Leia exchanged a glance with the Jedi woman and settled herself at the head of the 
table.  No other Jedi were present.

	A few lower level functionaries of the Intersystems Relations Committee 
were already seated almost dejectedly around the table.  Outside of Mara's 
presence, it looked like it was going to be yet another stultifying afternoon.  A 
speculative thought rose in the back, like a mirage in a dying desert, that maybe 
there would be an interesting discussion regarding the Smuggler's Alliance.  After 
all, why else would the Jade woman be present?

	And then, of course, there was the juicy gossip scattering all over town, 
like trees seeding the in the spring, about Master Skywalker and a reputed love 
nest at the Jedi Academy on Yavin IV.  The fact that Master Skywalker was Chief 
of State Leia Organa Solo's twin brother only made this story all that much more 
entertaining.  And lately, Leia did look a little tired, it was agreed, but since Master 
Skywalker had not yet, reputedly, come out of his mysterious trance, she must be 
worried sick.     

	An amused older generation  likened it to one of the great crises during 
the last days of the Old Republic, when Anakin Skywalker had been defeated in an 
astonishing lightsaber duel by his erstwhile teacher and master, General Obi-wan 
Kenobi.   That incident had taken Coruscant by storm. Still, it had held great 
trouble for the Old Republic, signaling, as it turned out, the beginning of the end.  
Some were worried.  But the younger people, not remembering, were only 
entertained.    

	Here the Skywalker clan was at it again.  It appeared that Master Luke had 
finally gotten too full of  himself and fallen into something, but was it really the 
Darkside, or was it just more like the regular temptations of life?   There was 
divided opinion on this, some being more sympathetic to the eccentric Jedi Master 
than others.  

	Here he was, a hero of the Rebellion, with a certain mystical power only 
half understood, a knight of legend returned from the past.  And now he had 
fallen from grace.  The press couldn't get enough of it.  At first it was only an 
intercepted transmission, but now, this very morning, a tell-all story had been 
published by the most widely-read 'net circular in town.  The press was in a 
feeding frenzy.

	Leia knew all of this.  Every last word of it.  She made sure she knew such 
things.  And she knew, if only by virtue of her Jedi skills, what people were saying 
behind her back.  She also knew that things were a great deal more serious than 
most believed.   

	Not giving in even a millimeter, she raised her gaze from the datapad she 
held in her steady hand.   Her delicate face, so small and fineboned, now held with 
ease the power and authority she had finally grown to shoulder with grace. The 
revolutionary of days past had vanished.  Now she was the leader, steady, noble, 
commanding. 

	Gazing straight ahead, she reached out a hand.  It's power immediately 
halted the torrent of whispered verbiage that flowed around the cramped room 
like a restless stream.  The dark eyes were stern.   A consternation sized the 
functionaries seated there, cutting glibness to white, skeletal silence.  It fell, light 
but shroud-like, into the room.  And without further ceremony, the meeting 
began.

*********************************************

	Sunset on Rasclann IV was soft and unremarkable.  The avian wildlife had 
already resorted to the heavy rustling and singing that greet all transitions from 
day to night.   A bird landed on the balcony, its head moving in a jerky, reflexive 
motion.  Cocking its head, it gave the overly  thin woman standing there a rather 
pointed look, took a seed off the wooden floor and flitted away, a translucent, 
moving jewel in the red colored air.  

	She sighed, a slight woman, not pretty, with a military bearing.   But she 
stood, oddly tender, feeding the birds on the porch at sunset.  A stray breeze 
whisped through her hair, which was loose down her back.   She moved her head, 
following the motion of another bird as it landed, gave her a quizzical look, took 
it's prize and sparkled into the dark colors of  the surrounding forest.  
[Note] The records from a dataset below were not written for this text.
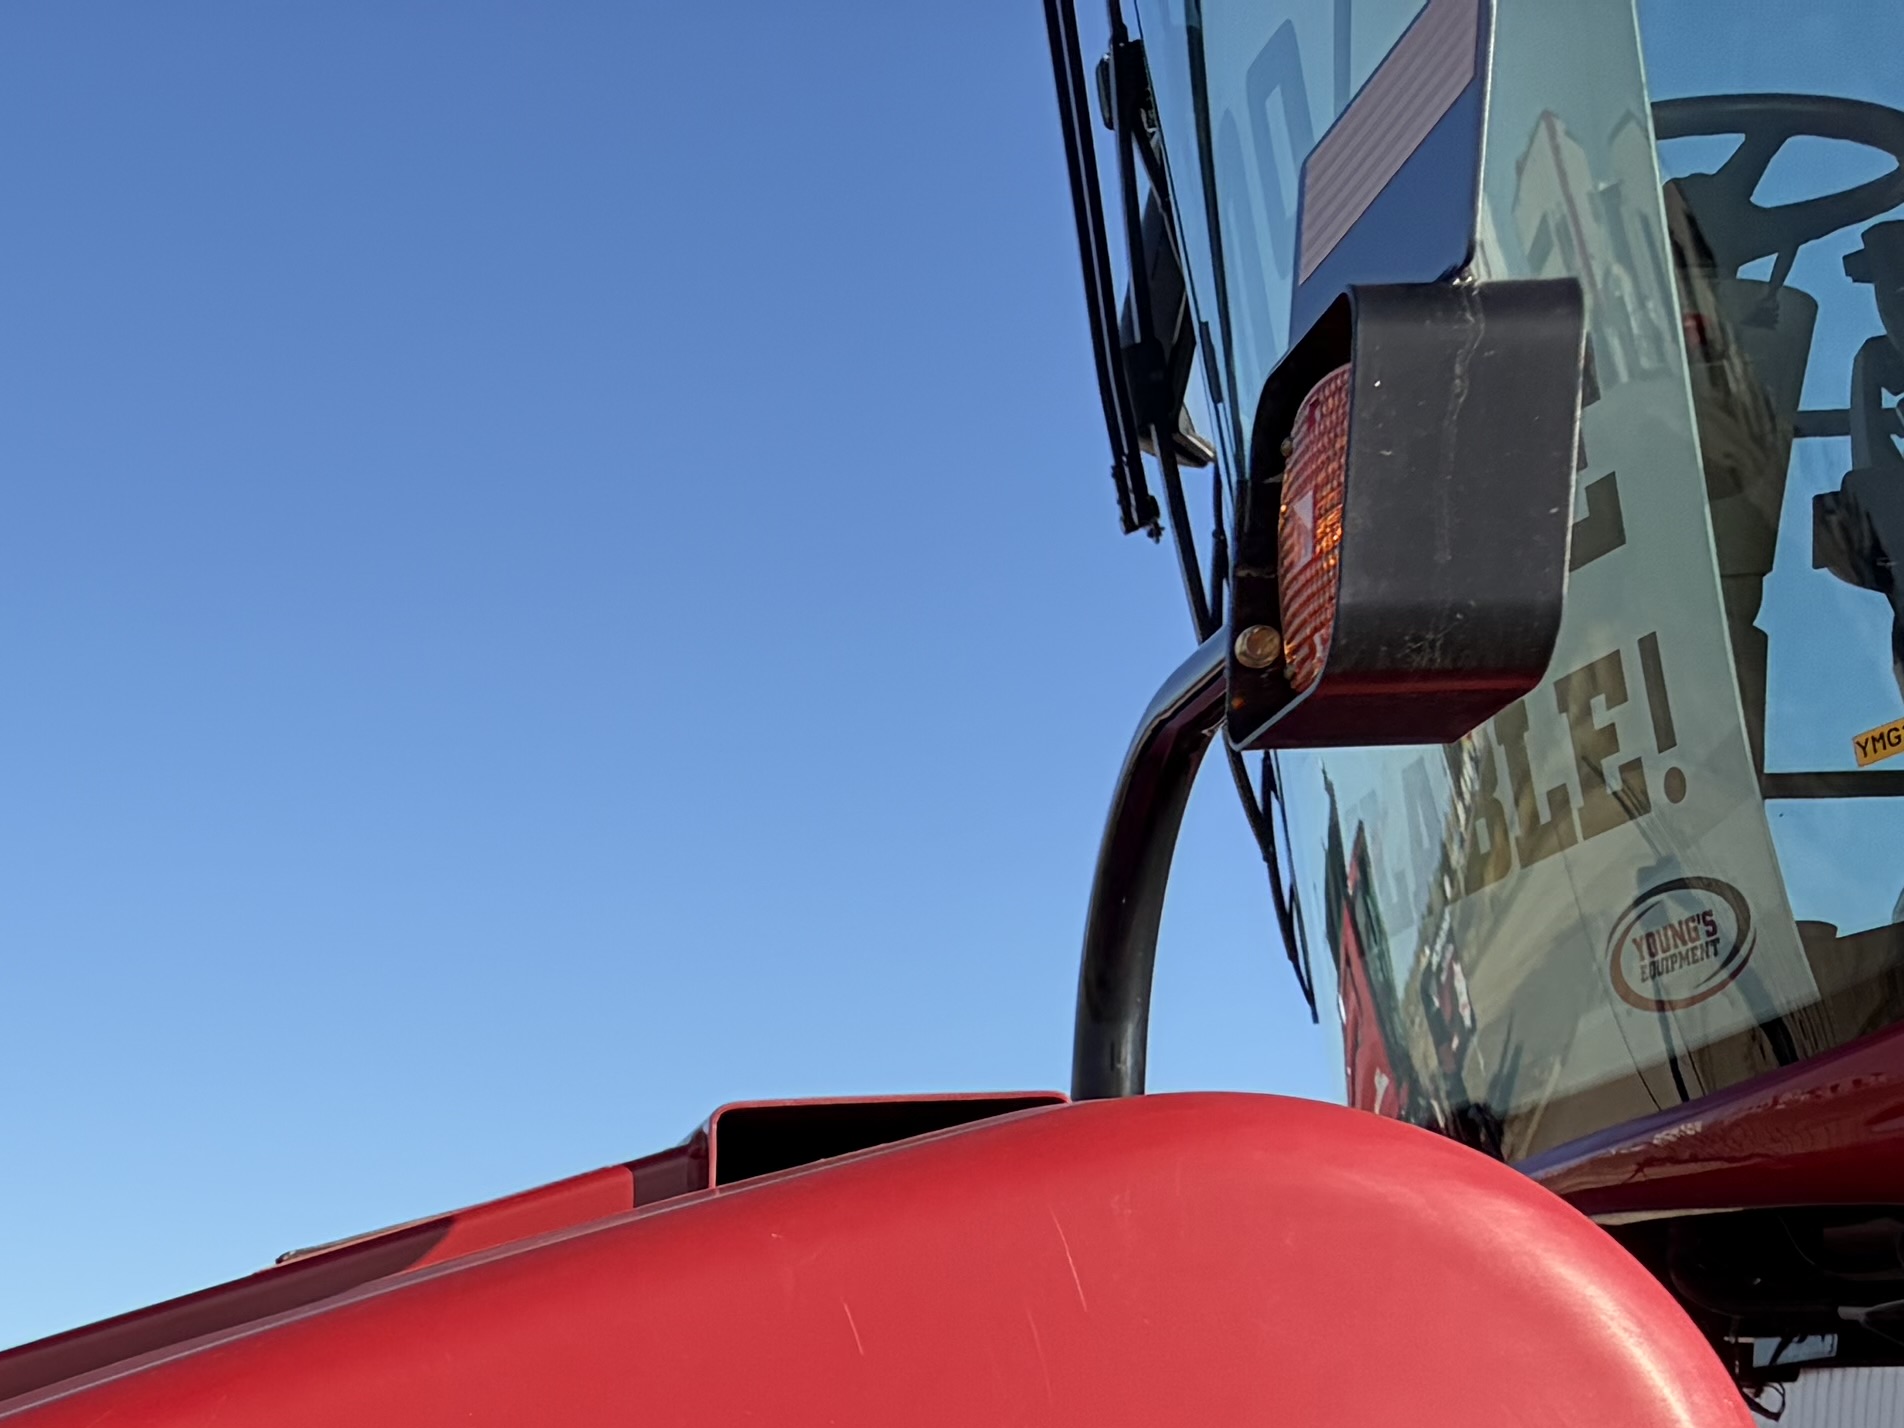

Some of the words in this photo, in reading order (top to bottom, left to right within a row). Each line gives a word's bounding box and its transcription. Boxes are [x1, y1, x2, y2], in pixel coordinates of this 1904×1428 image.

[1856, 725, 1904, 758] YMG
[1632, 909, 1718, 961] YOUNG'S
[1640, 937, 1720, 983] EQUIPMENT
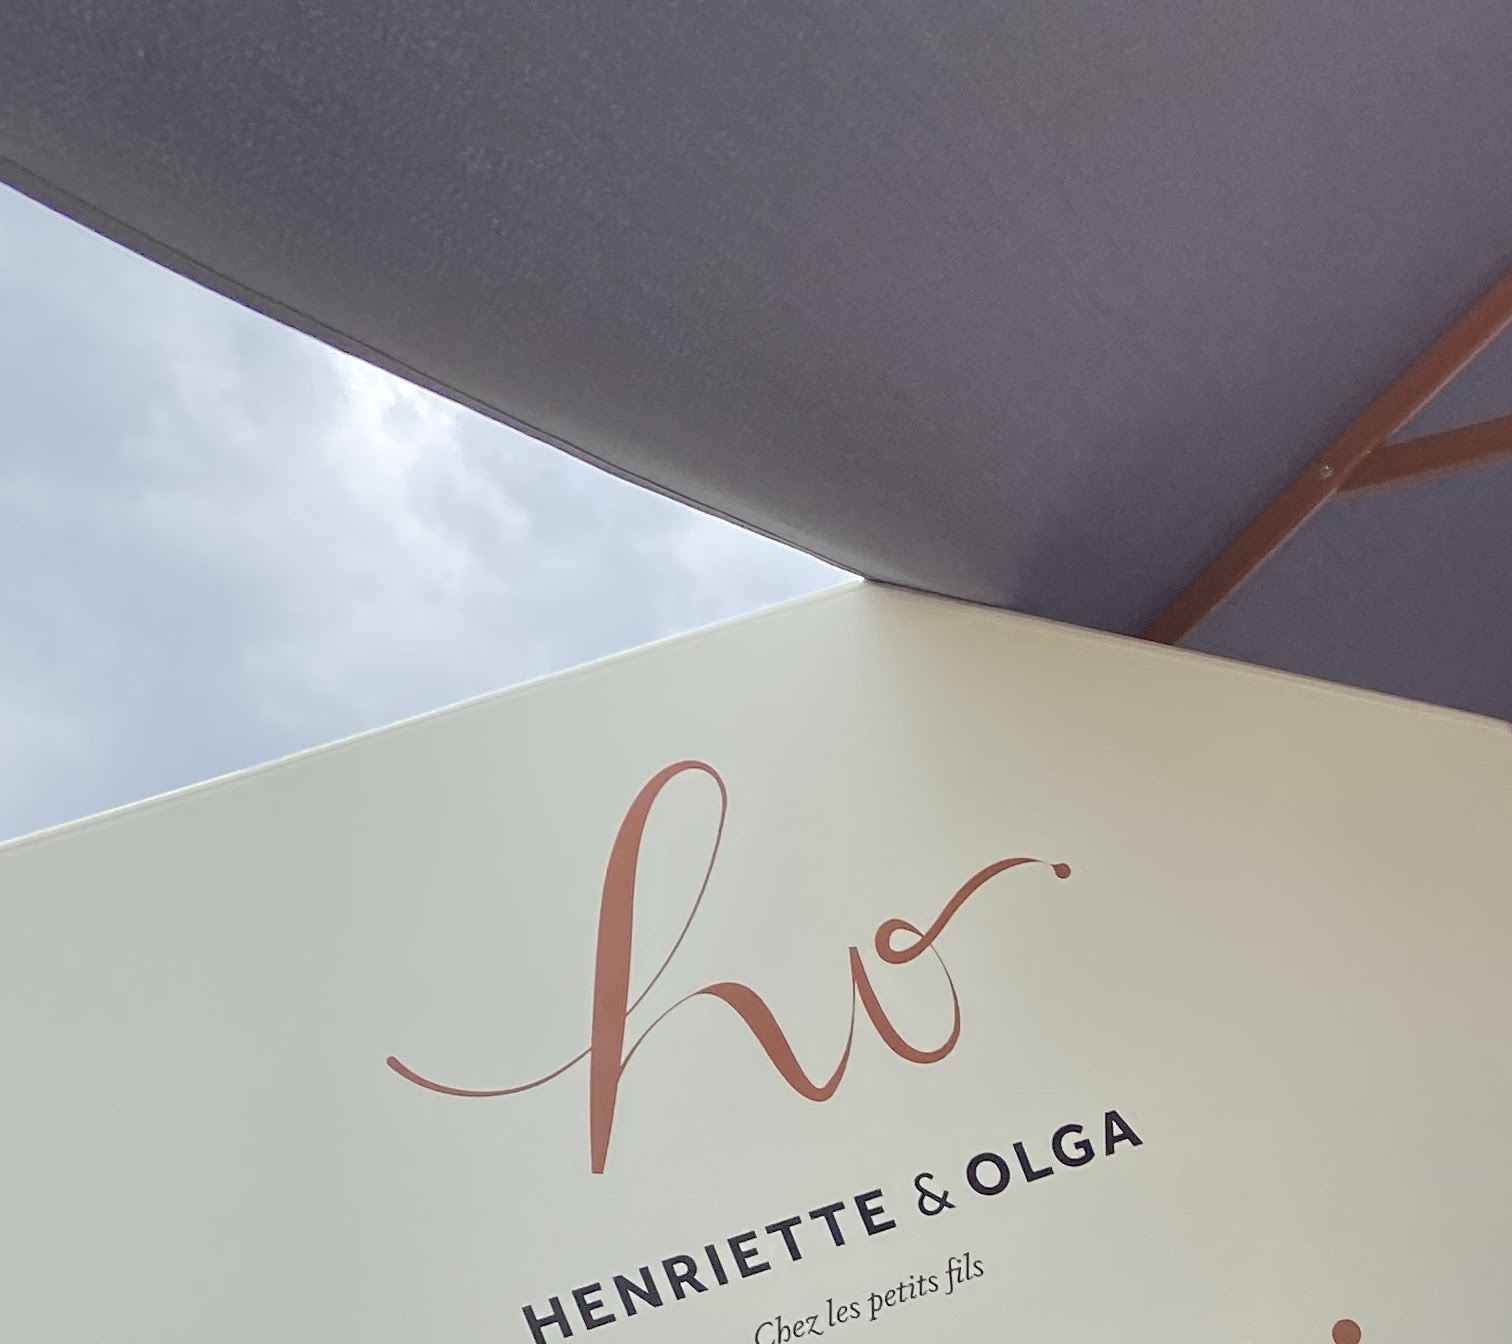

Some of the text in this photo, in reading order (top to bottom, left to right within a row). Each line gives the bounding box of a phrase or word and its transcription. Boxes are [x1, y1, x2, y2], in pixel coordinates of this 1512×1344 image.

[914, 1173, 955, 1217] &
[966, 1110, 1143, 1197] OLGA
[826, 1297, 861, 1328] les
[868, 1272, 939, 1322] petits
[944, 1252, 985, 1296] fils
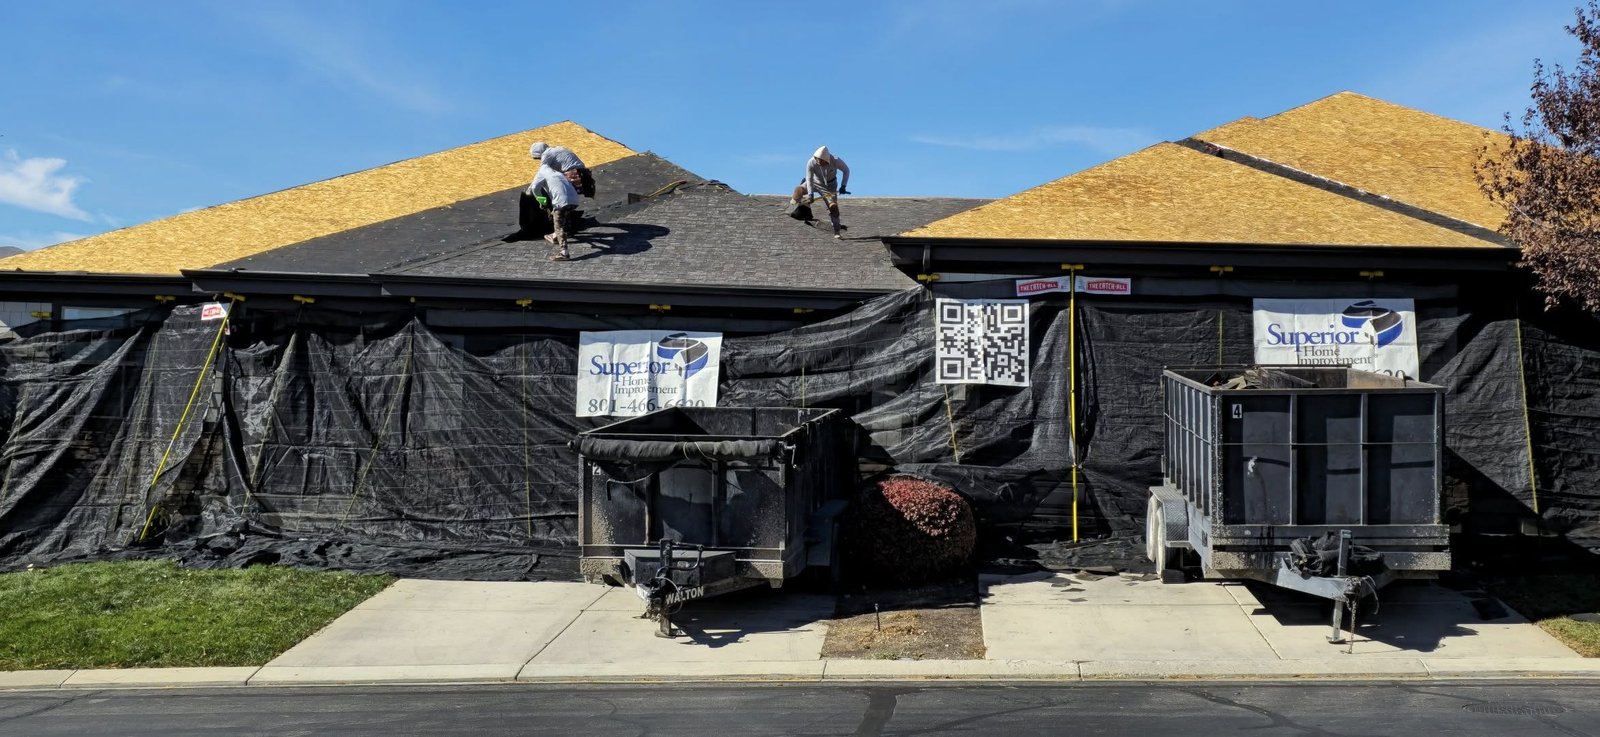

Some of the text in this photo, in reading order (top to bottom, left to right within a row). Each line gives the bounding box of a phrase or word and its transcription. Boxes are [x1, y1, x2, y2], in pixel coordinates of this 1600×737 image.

[1266, 323, 1359, 352] Superior
[1304, 345, 1340, 356] Home
[1297, 355, 1373, 365] Improvement
[590, 354, 671, 382] Superior
[622, 376, 652, 386] Home
[614, 385, 678, 397] Improvement
[1233, 404, 1241, 418] 4
[665, 585, 705, 605] WALTON
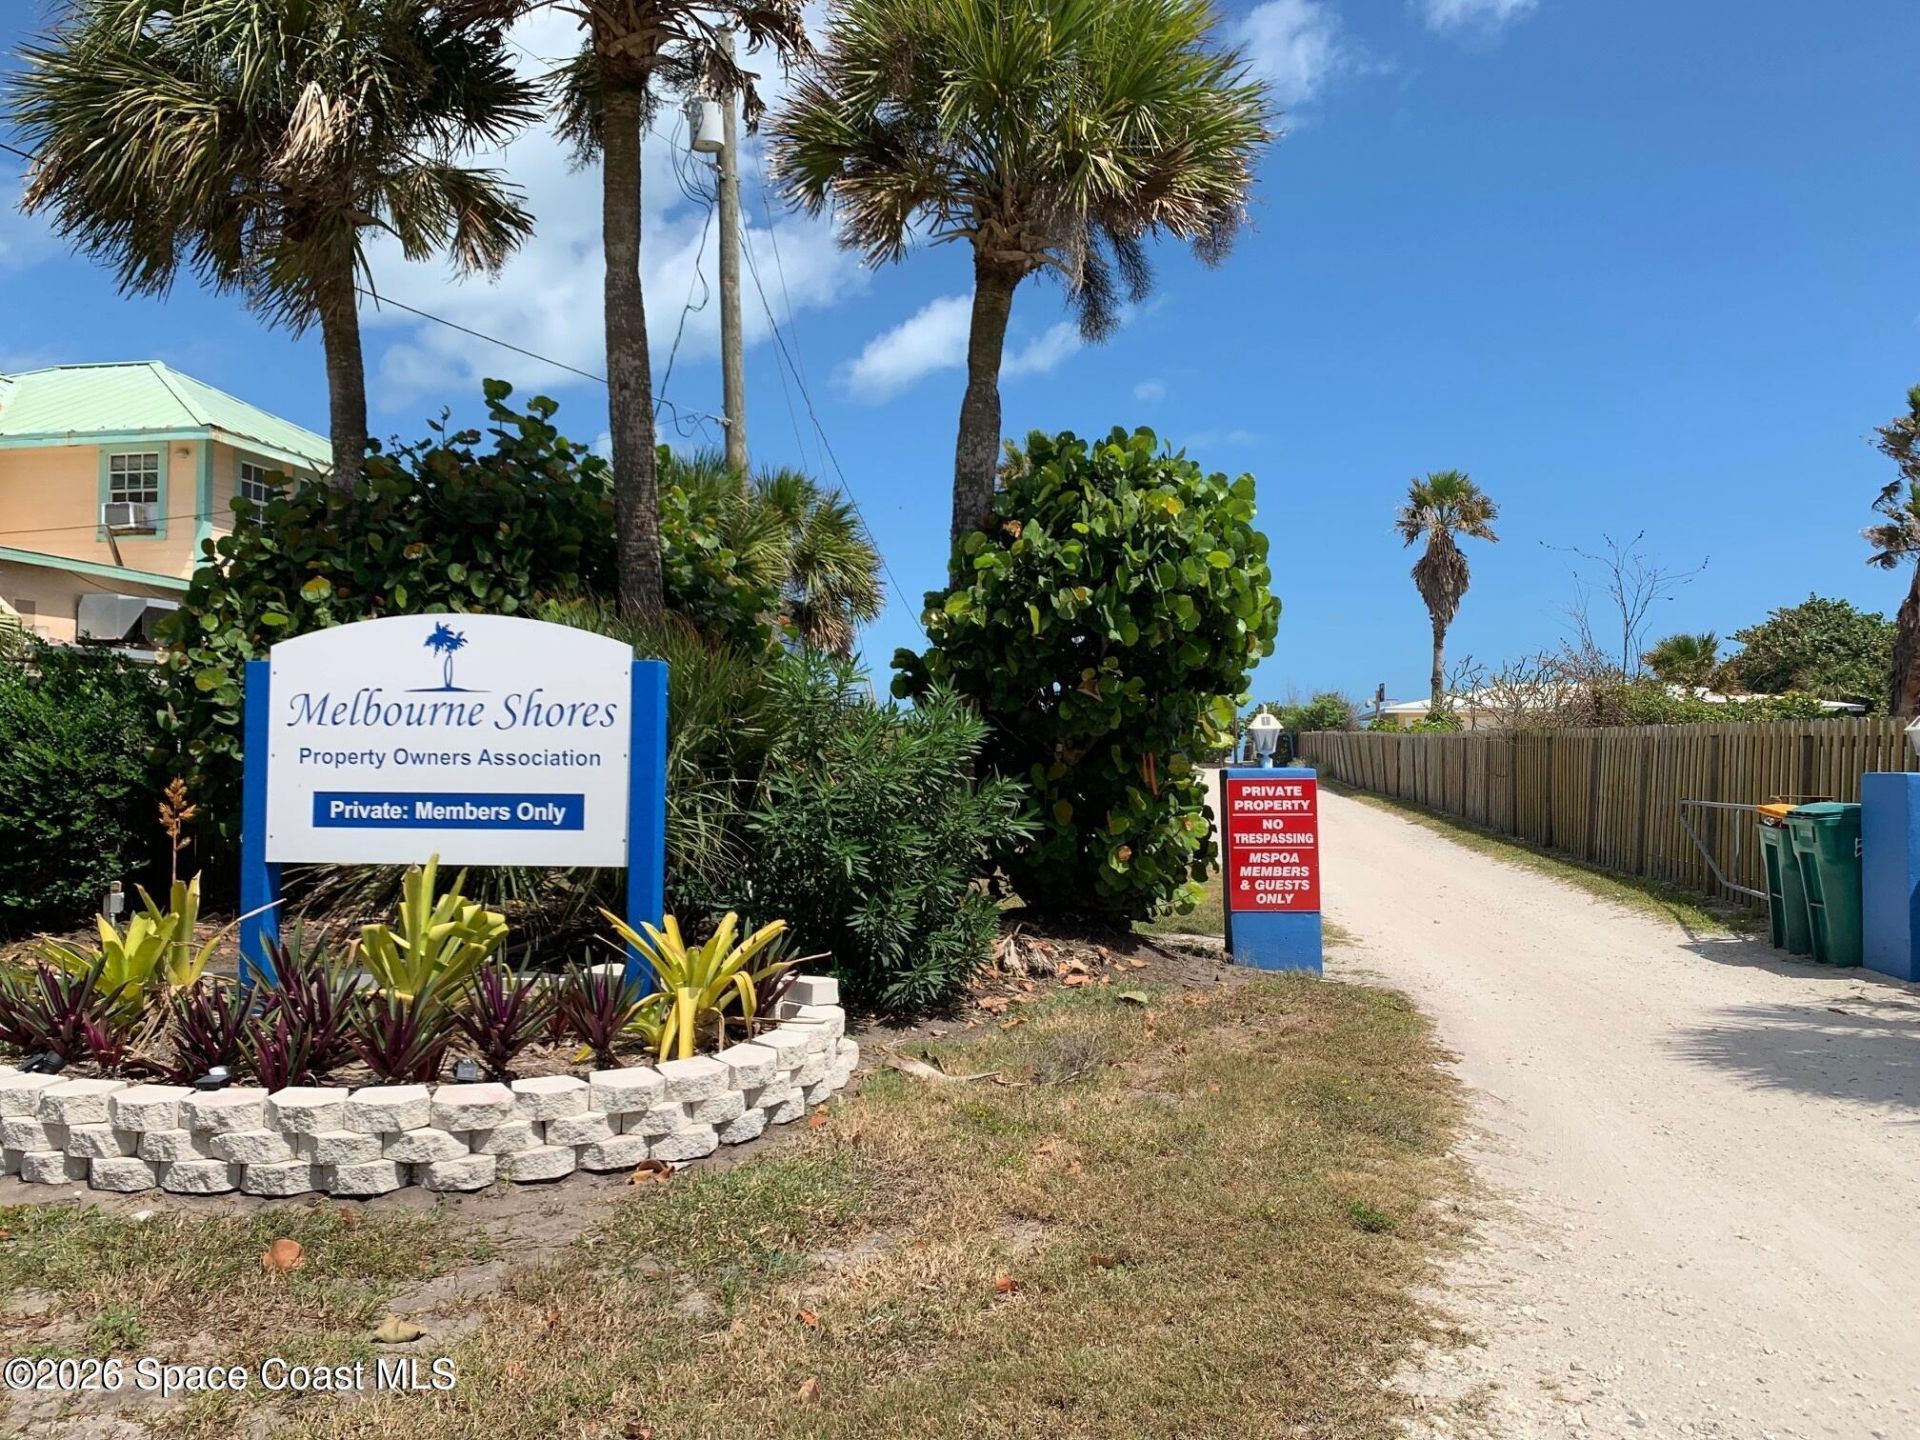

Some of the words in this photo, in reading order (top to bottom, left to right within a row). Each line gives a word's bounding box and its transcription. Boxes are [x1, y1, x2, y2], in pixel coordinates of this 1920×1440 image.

	"I thought maybe I'd find you here," a voice came from behind. 

	She started and half turned, her face settling into a hard expression.  
"Don't be cross....." she began. 

	His arm wrapped around her waspish waist as he stepped up behind her.  
He was on the tall side, dark haired, too young for her  perhaps, but with a face 
that was pleasant enough. He turned his face toward the sunset, the birds chittered 
in the dark trees, momentarily frightened.

	"What do you see?" she asked, not an idle question.

	He shrugged.  "Only a sunset and birds flying," he replied.

	She turned toward him, eyes glancing steel and then softening.  "No, I 
mean, out there...."

	He smiled, but it was a hard expression.  "I've had no visions in over a 
week," he put in, his voice quickening.  "Not since the one about Skywalker.  I 
told you, they don't come to me all the time, only on occasion."  He paused to 
caress her neck with a finely boned hand.

	She pulled away from him.  "What do you think Organa will do?"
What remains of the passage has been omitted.